Problem: Could you repeat every entry below word for word, leaving out the pictures?

Data supplied:
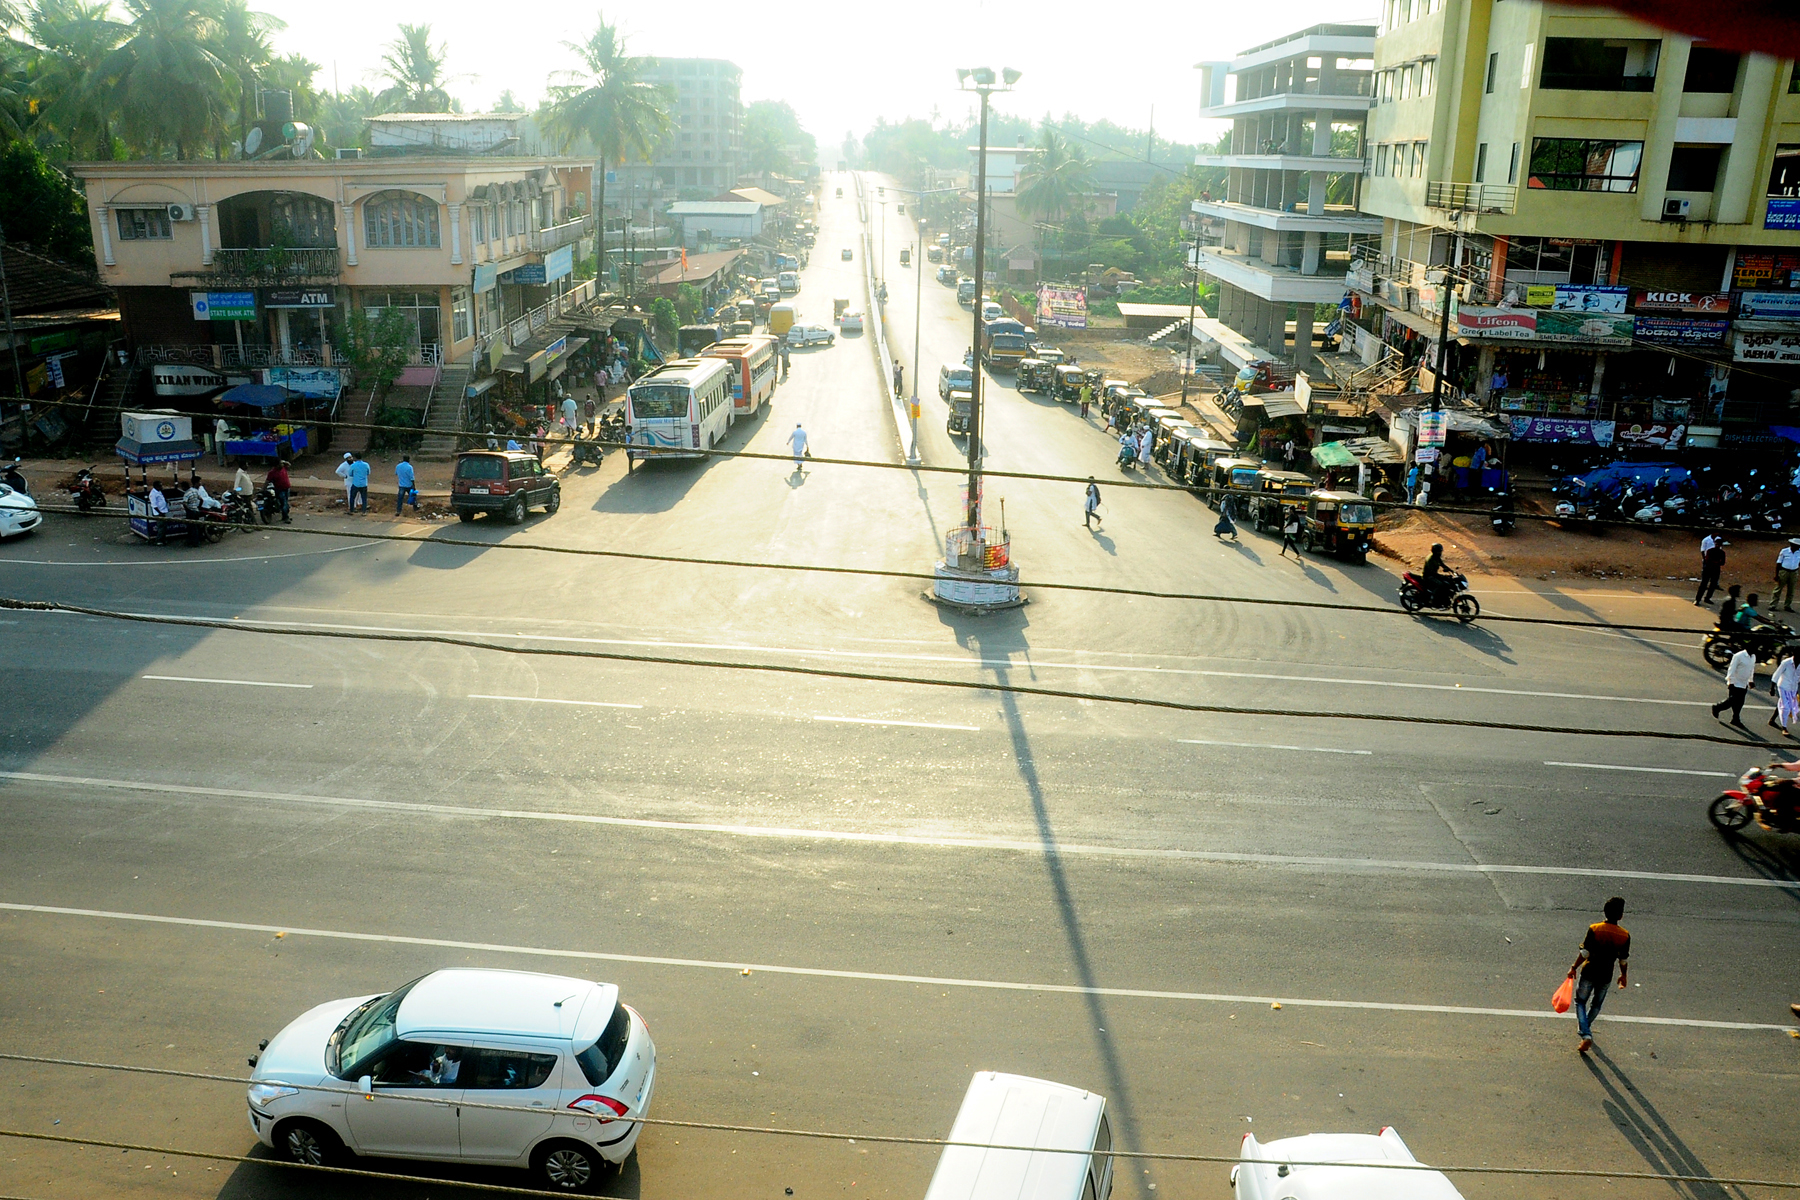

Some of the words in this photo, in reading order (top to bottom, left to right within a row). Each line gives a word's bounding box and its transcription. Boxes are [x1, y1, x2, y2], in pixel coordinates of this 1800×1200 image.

[1734, 268, 1770, 278] XEROX
[301, 293, 328, 304] ATM
[1646, 292, 1692, 303] KICK
[1461, 327, 1487, 336] Green
[1514, 330, 1530, 338] Tea
[1743, 349, 1778, 359] VAIBHAV
[154, 375, 191, 386] KIRAN
[191, 375, 228, 386] WINES
[1534, 422, 1552, 435] ಶ್ರೀ
[1725, 434, 1745, 442] DISHA
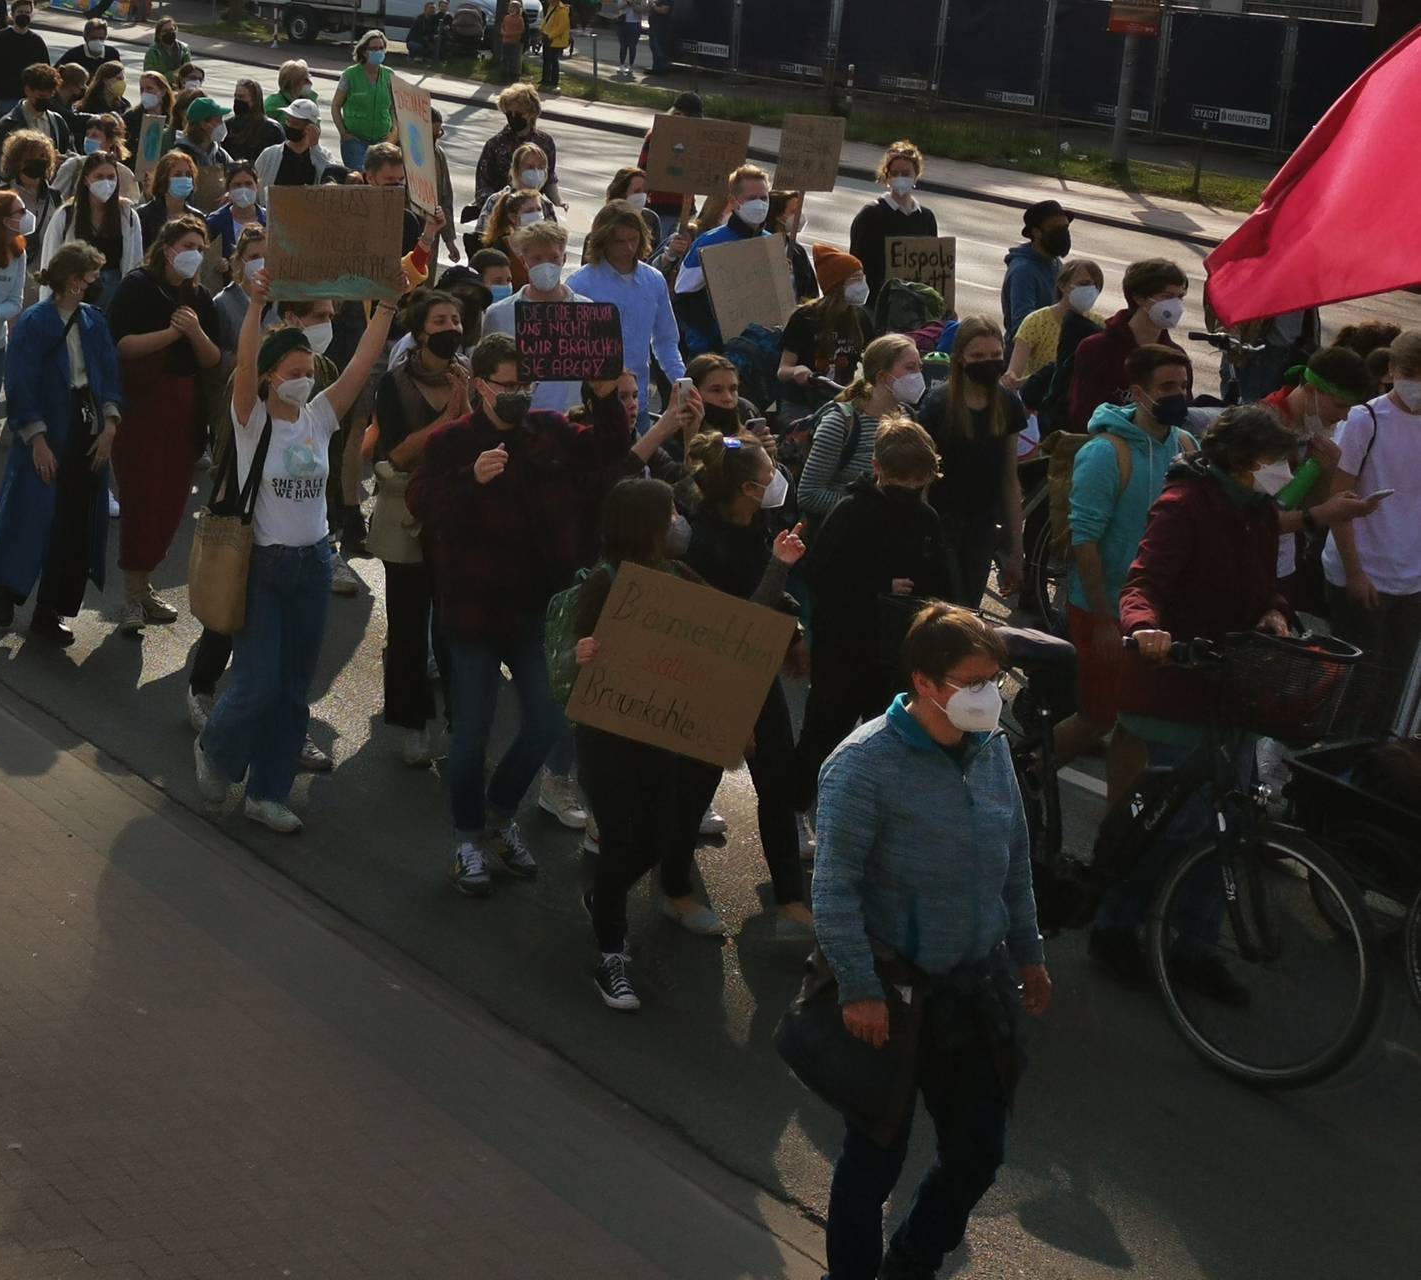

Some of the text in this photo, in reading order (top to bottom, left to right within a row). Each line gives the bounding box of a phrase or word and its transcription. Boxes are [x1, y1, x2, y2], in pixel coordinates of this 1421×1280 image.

[1193, 108, 1219, 121] STADT
[518, 321, 542, 337] UNS
[519, 338, 553, 355] WIR
[521, 357, 546, 378] SIE
[271, 477, 325, 490] SHE'S ALL
[274, 487, 322, 500] WE HAVE
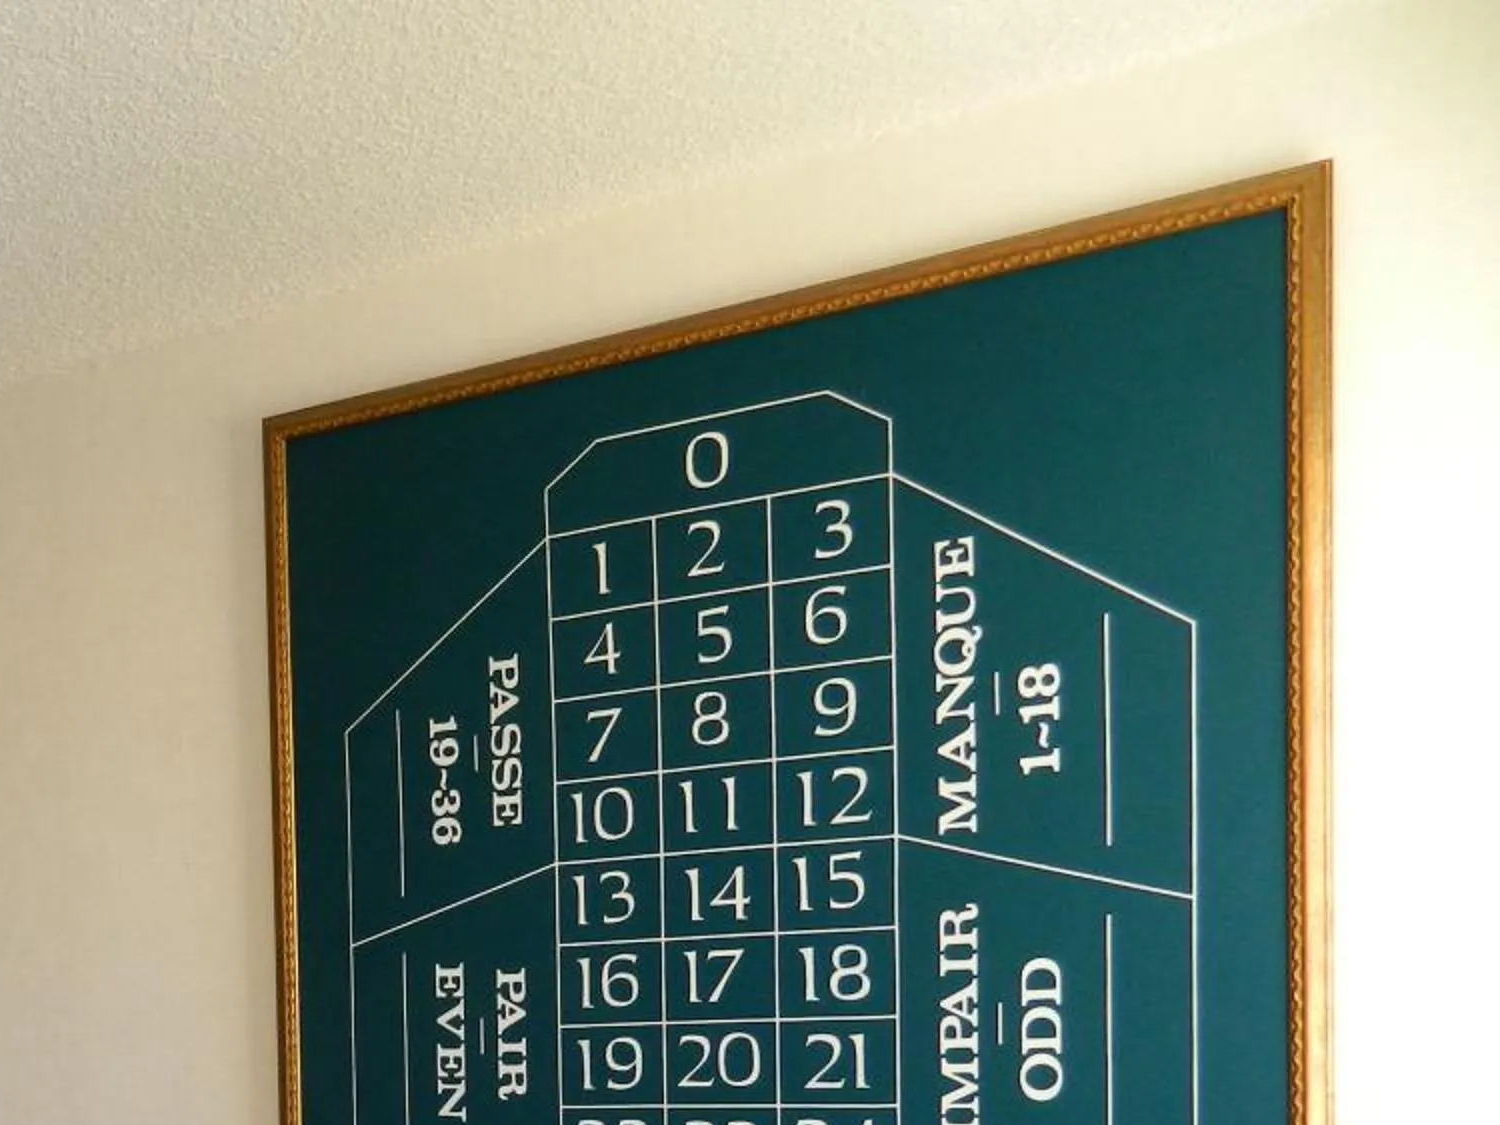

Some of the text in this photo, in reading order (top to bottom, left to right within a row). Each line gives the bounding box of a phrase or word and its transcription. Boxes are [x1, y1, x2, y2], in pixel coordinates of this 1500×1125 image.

[685, 431, 730, 489] 0
[687, 519, 725, 578] 2
[813, 498, 854, 559] 3
[591, 541, 612, 595] 1
[697, 604, 733, 664] 5
[804, 585, 848, 645] 6
[584, 621, 622, 675] 4
[813, 677, 858, 737] 9
[933, 535, 983, 837] MANQUE
[487, 652, 523, 827] PASSE
[586, 707, 623, 763] 7
[691, 691, 730, 747] 8
[570, 787, 634, 844] 10
[678, 776, 739, 834] 11
[796, 766, 873, 827] 12
[571, 870, 636, 926] 13
[684, 865, 752, 922] 14
[791, 850, 866, 912] 15
[576, 953, 640, 1009] 16
[683, 947, 745, 1004] 17
[798, 943, 872, 1002] 18
[434, 961, 467, 1123] EVEN
[495, 967, 528, 1101] PAIR
[1019, 957, 1065, 1103] ODD
[577, 1036, 643, 1091] 19
[677, 1031, 761, 1088] 20
[803, 1033, 871, 1090] 21

Answer for the task:
Some of the words in this photo, in reading order (top to bottom, left to right within a row). Each line gives a word's bounding box and its transcription. Boxes are [x1, y1, x2, y2], in pixel coordinates of this 1800×1200 image.

[1734, 268, 1770, 278] XEROX
[301, 293, 328, 304] ATM
[1646, 292, 1692, 303] KICK
[1461, 327, 1487, 336] Green
[1514, 330, 1530, 338] Tea
[1743, 349, 1778, 359] VAIBHAV
[154, 375, 191, 386] KIRAN
[191, 375, 228, 386] WINES
[1534, 422, 1552, 435] ಶ್ರೀ
[1725, 434, 1745, 442] DISHA

Some of the text in this photo, in reading order (top to bottom, left to right within a row). Each line gives the bounding box of a phrase or word and its transcription. Boxes are [x1, y1, x2, y2], in pixel coordinates of this 1421×1280 image.

[1193, 108, 1219, 121] STADT
[518, 321, 542, 337] UNS
[519, 338, 553, 355] WIR
[521, 357, 546, 378] SIE
[271, 477, 325, 490] SHE'S ALL
[274, 487, 322, 500] WE HAVE

Some of the text in this photo, in reading order (top to bottom, left to right within a row). Each line gives the bounding box of a phrase or word and its transcription. Boxes are [x1, y1, x2, y2], in pixel coordinates of this 1500×1125 image.

[685, 431, 730, 489] 0
[687, 519, 725, 578] 2
[813, 498, 854, 559] 3
[591, 541, 612, 595] 1
[697, 604, 733, 664] 5
[804, 585, 848, 645] 6
[584, 621, 622, 675] 4
[813, 677, 858, 737] 9
[933, 535, 983, 837] MANQUE
[487, 652, 523, 827] PASSE
[586, 707, 623, 763] 7
[691, 691, 730, 747] 8
[570, 787, 634, 844] 10
[678, 776, 739, 834] 11
[796, 766, 873, 827] 12
[571, 870, 636, 926] 13
[684, 865, 752, 922] 14
[791, 850, 866, 912] 15
[576, 953, 640, 1009] 16
[683, 947, 745, 1004] 17
[798, 943, 872, 1002] 18
[434, 961, 467, 1123] EVEN
[495, 967, 528, 1101] PAIR
[1019, 957, 1065, 1103] ODD
[577, 1036, 643, 1091] 19
[677, 1031, 761, 1088] 20
[803, 1033, 871, 1090] 21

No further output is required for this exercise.